### WHAT IS BEING ASKED
Leaving every picture out, repeat all of the entries below exactly.

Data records
□ □ □ □ □

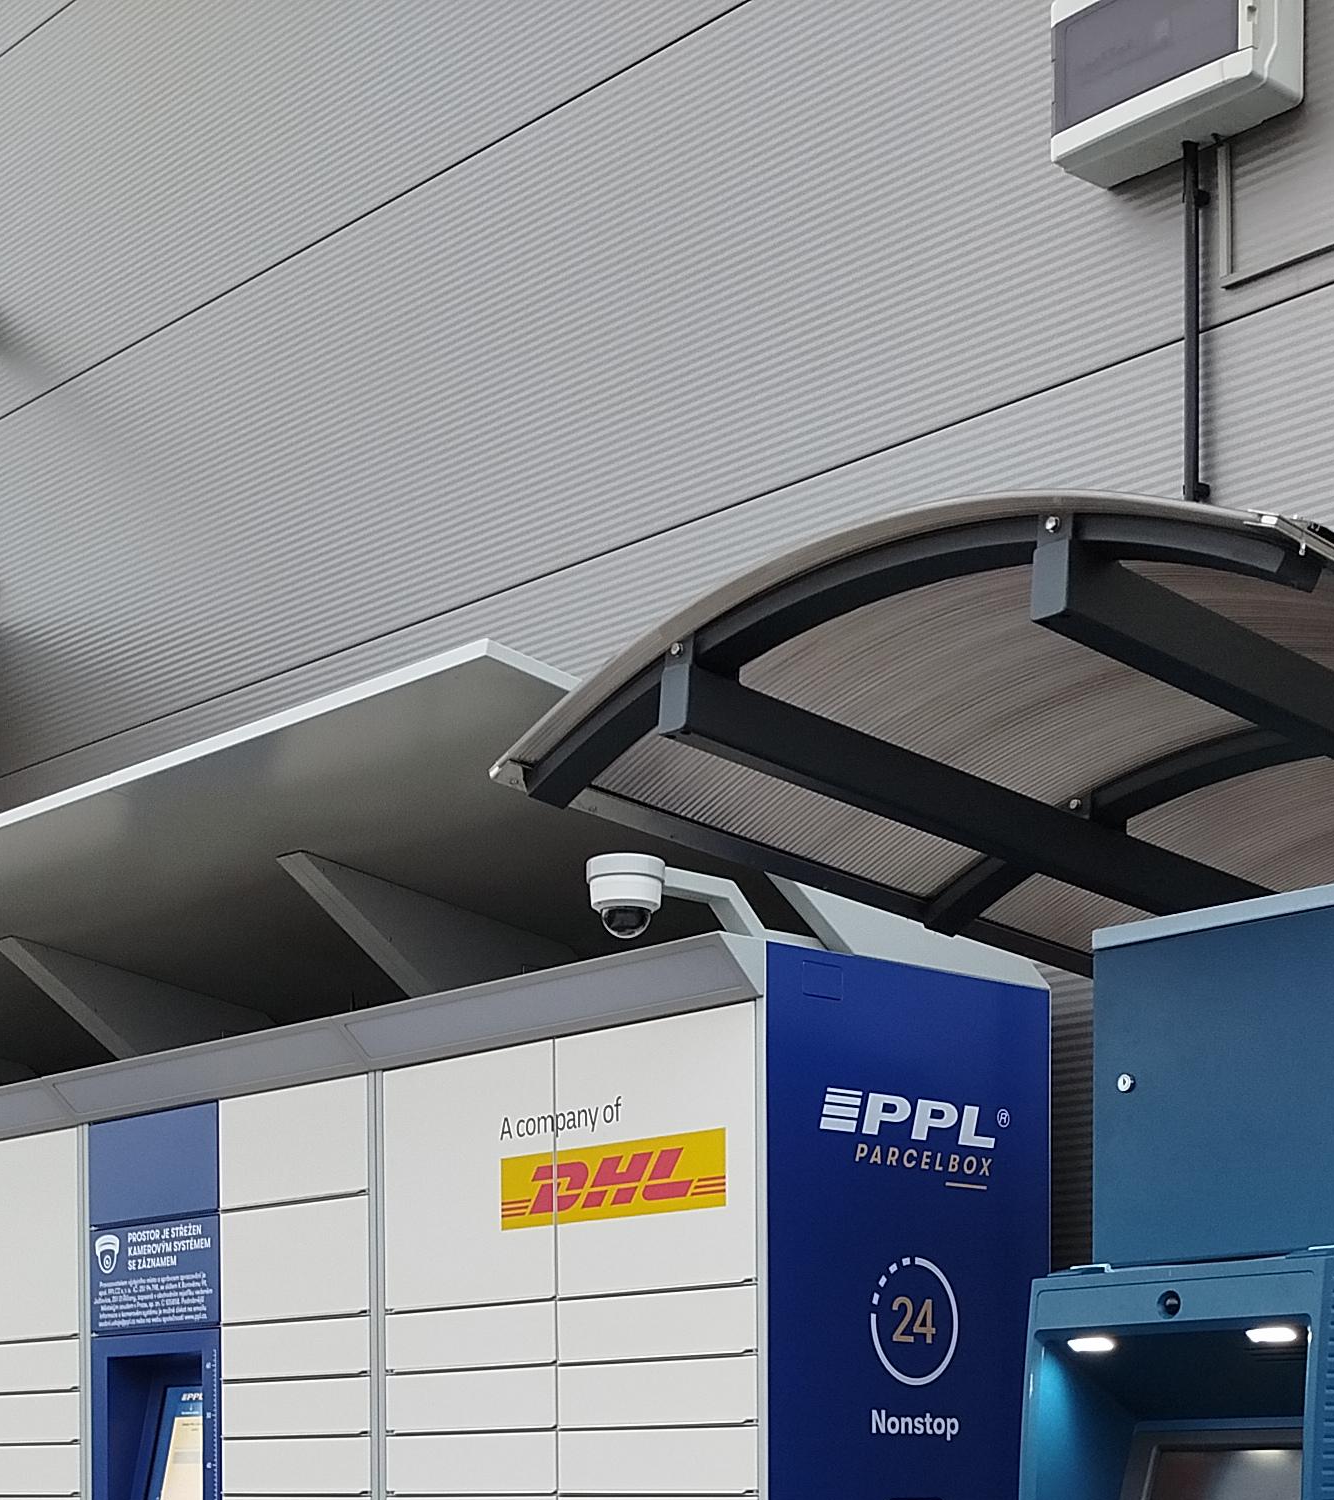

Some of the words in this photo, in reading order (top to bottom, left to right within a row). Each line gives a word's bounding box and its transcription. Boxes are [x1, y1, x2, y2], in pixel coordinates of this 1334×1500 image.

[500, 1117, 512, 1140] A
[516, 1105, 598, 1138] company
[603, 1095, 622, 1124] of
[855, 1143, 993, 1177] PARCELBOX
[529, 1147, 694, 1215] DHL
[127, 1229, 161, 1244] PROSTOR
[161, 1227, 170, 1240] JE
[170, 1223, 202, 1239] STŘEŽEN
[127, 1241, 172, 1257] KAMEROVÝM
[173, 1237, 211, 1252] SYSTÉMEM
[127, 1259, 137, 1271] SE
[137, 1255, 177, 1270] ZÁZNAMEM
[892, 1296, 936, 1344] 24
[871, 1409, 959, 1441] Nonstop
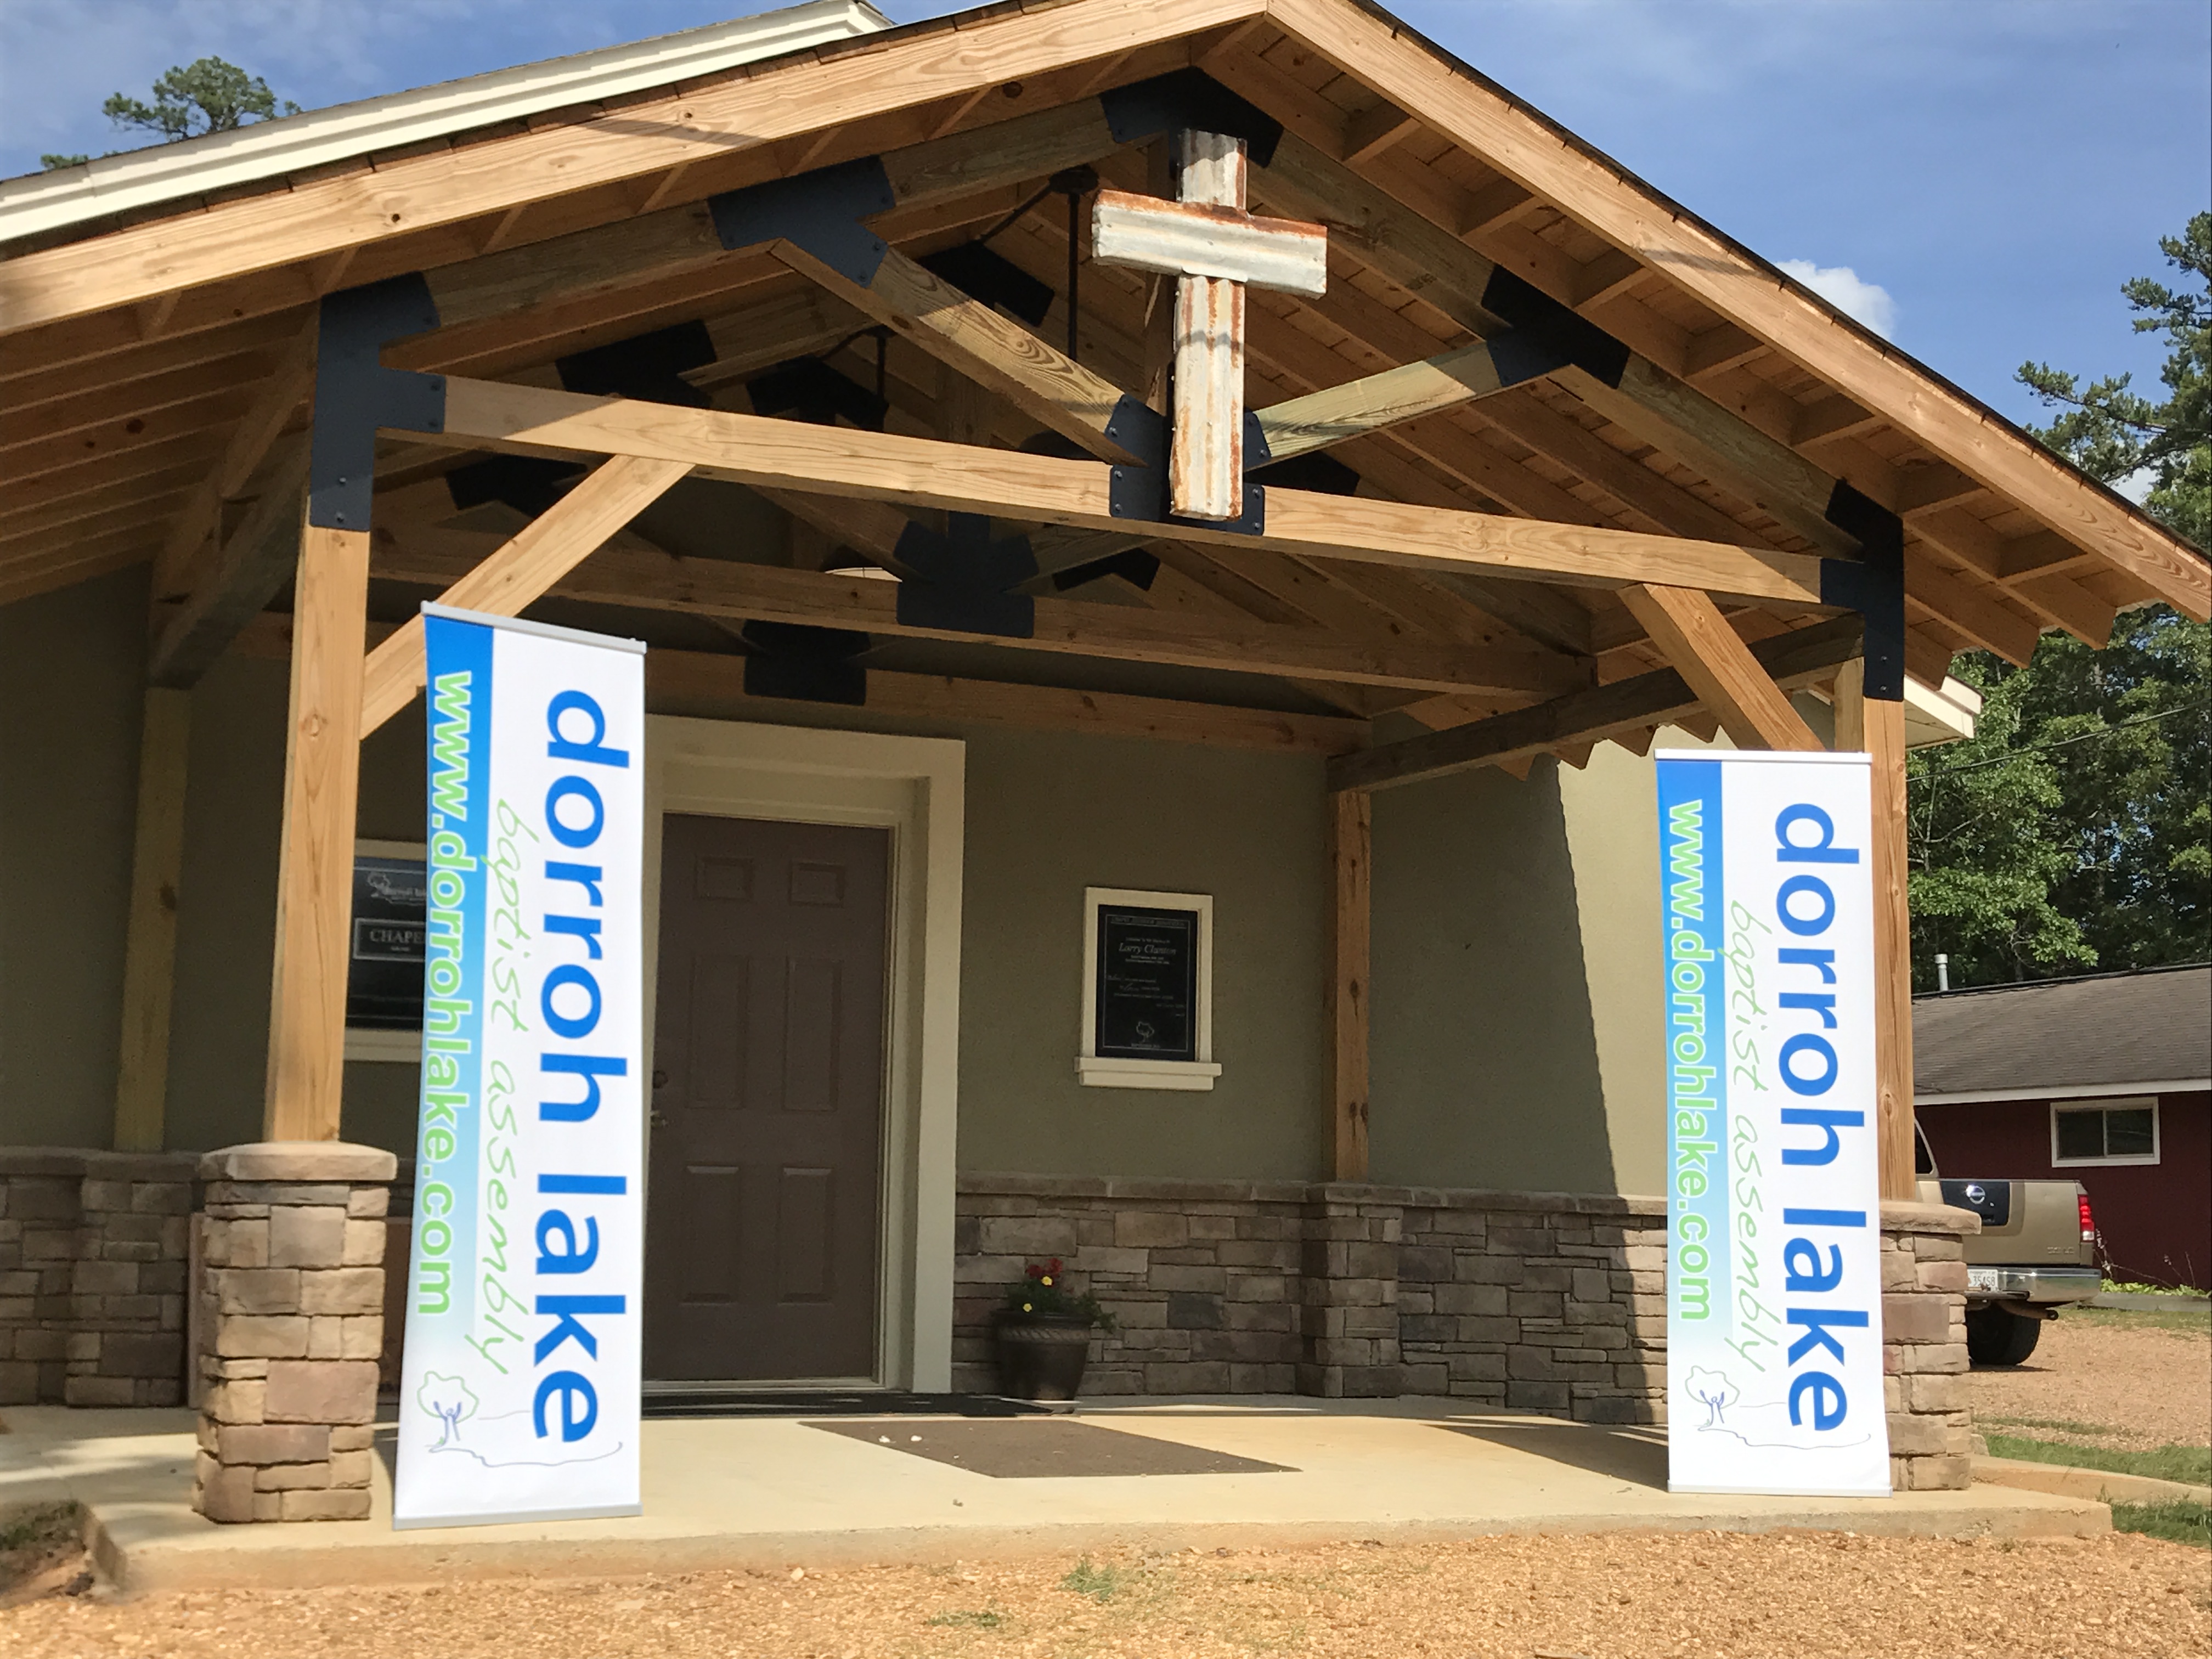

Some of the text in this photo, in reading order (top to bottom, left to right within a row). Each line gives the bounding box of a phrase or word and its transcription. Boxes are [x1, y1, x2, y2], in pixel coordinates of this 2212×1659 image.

□ □ □ □ □

### TASK SOLUTION
Some of the words in this photo, in reading order (top to bottom, left to right within a row). Each line gives a word's bounding box and its transcription. Boxes are [x1, y1, x2, y2], in pixel coordinates of this 1334×1500 image.

[500, 1117, 512, 1140] A
[516, 1105, 598, 1138] company
[603, 1095, 622, 1124] of
[855, 1143, 993, 1177] PARCELBOX
[529, 1147, 694, 1215] DHL
[127, 1229, 161, 1244] PROSTOR
[161, 1227, 170, 1240] JE
[170, 1223, 202, 1239] STŘEŽEN
[127, 1241, 172, 1257] KAMEROVÝM
[173, 1237, 211, 1252] SYSTÉMEM
[127, 1259, 137, 1271] SE
[137, 1255, 177, 1270] ZÁZNAMEM
[892, 1296, 936, 1344] 24
[871, 1409, 959, 1441] Nonstop

Some of the text in this photo, in reading order (top to bottom, left to right within a row). Each line gives the bounding box of a phrase or word and its transcription. Boxes are [x1, y1, x2, y2], in pixel coordinates of this 2212×1659 image.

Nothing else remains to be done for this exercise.